Reproduce the data that follows in its entirety, character for character.

(Dataset records begins)

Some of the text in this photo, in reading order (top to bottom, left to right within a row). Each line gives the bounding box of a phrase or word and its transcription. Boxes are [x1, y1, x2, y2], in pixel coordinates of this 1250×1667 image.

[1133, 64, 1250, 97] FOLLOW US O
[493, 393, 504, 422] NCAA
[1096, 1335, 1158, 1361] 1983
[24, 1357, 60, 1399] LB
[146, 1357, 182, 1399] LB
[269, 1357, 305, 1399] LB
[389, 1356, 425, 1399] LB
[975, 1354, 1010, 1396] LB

(Dataset records ends)

The completed task:
Some of the text in this photo, in reading order (top to bottom, left to right within a row). Each line gives the bounding box of a phrase or word and its transcription. Boxes are [x1, y1, x2, y2], in pixel coordinates of this 1250×1667 image.

[1133, 64, 1250, 97] FOLLOW US O
[493, 393, 504, 422] NCAA
[1096, 1335, 1158, 1361] 1983
[24, 1357, 60, 1399] LB
[146, 1357, 182, 1399] LB
[269, 1357, 305, 1399] LB
[389, 1356, 425, 1399] LB
[975, 1354, 1010, 1396] LB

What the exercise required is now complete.